The heatmap legend changes depending on the criteria you select from the drop-down menu. All the criteria and their corresponding legends are shown here.

Health

  • Healthy - all services up, MapR-FS and all disks OK, and normal heartbeat
  • Upgrading - upgrade in process
  • Degraded - one or more services down, or no heartbeat for over 1 minute
  • Maintenance - routine maintenance in process
  • Critical - Mapr-FS Inactive/Dead/Replicate, or no heartbeat for over 5 minutes

The following table shows the legend for all Heatmap displays, such as CPU, memory and disk space.

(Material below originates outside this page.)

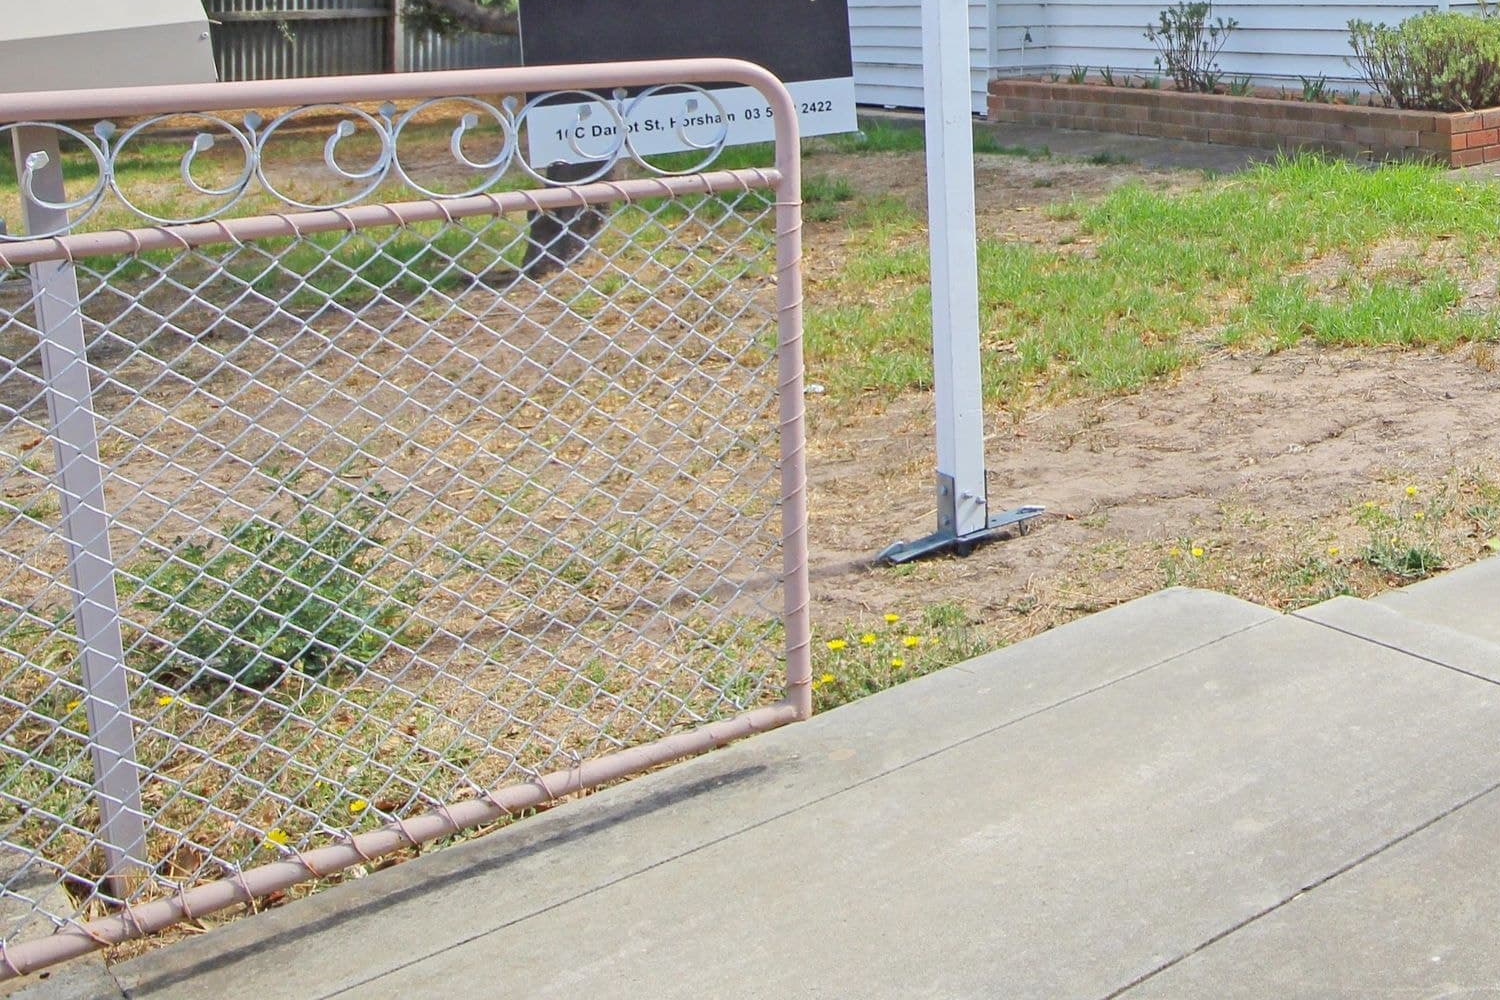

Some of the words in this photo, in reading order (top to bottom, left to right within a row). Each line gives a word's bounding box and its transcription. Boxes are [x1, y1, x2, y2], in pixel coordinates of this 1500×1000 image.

Legend CPU Utilization Memory Utilization Disk Space Utilization
CPU < 50% Memory < 50% Used < 50%
CPU < 80% Memory < 80% Used < 80%
CPU >= 80% Memory >= 80% Used >= 80%
Unknown Unknown Unknown

Alarms

The following table shows the alarms.

 
Too Many Containers Alarm Containers within limit Containers exceeded limit
Duplicate HostId Alarm No duplicate host id detected Duplicate host id detected
UID Mismatch Alarm No UID mismatch detected UID mismatch detected
No Heartbeat Detected Alarm Node heartbeat detected Node heartbeat not detected
TaskTracker Local Dir Full Alarm TaskTracker local directory is not full TaskTracker local directory full
PAM Misconfigured Alarm PAM configured PAM misconfigured
High FileServer Memory Alarm Fileserver memory OK Fileserver memory high
Cores Present Alarm No core files Core files present
Installation Directory Full Alarm Installation Directory free Installation Directory full
Metrics Write Problem Alarm Metrics writing to Database Metrics unable to write to Database
Root Partition Full Alarm Root partition free Root partition full
HostStats Down Alarm HostStats running HostStats down
Webserver Down Alarm Webserver running Webserver down
NFS Gateway Down Alarm NFS Gateway running NFS Gateway down
HBase RegionServer Down Alarm HBase RegionServer running HBase RegionServer down
HBase Master Down Alarm HBase Master running HBase Master down
TaskTracker Down Alarm TaskTracker running TaskTracker down
JobTracker Down Alarm JobTracker running JobTracker down
FileServer Down Alarm FileServer running FileServer down
CLDB Down Alarm CLDB running CLDB down
Time Skew Alarm Time OK Time skew alarm(s)
Software Installation & Upgrades Alarm Version OK Version alarm(s)
Disk Failure(s) Alarm Disks OK Disk alarm(s)
Excessive Logging Alarm No debug Debugging

Zoomed view

You can see a zoomed view of all the nodes in the cluster by moving the zoom slide bar. The zoomed display reveals more details about each node, based on the criteria you chose from the drop-down menu. In this example, CPU Utilization is displayed for each node.

Clicking a rack name navigates to the Nodes view, which provides more detailed information about the nodes in the rack.

Clicking a colored square navigates to the Node Properties View, which provides detailed information about the node.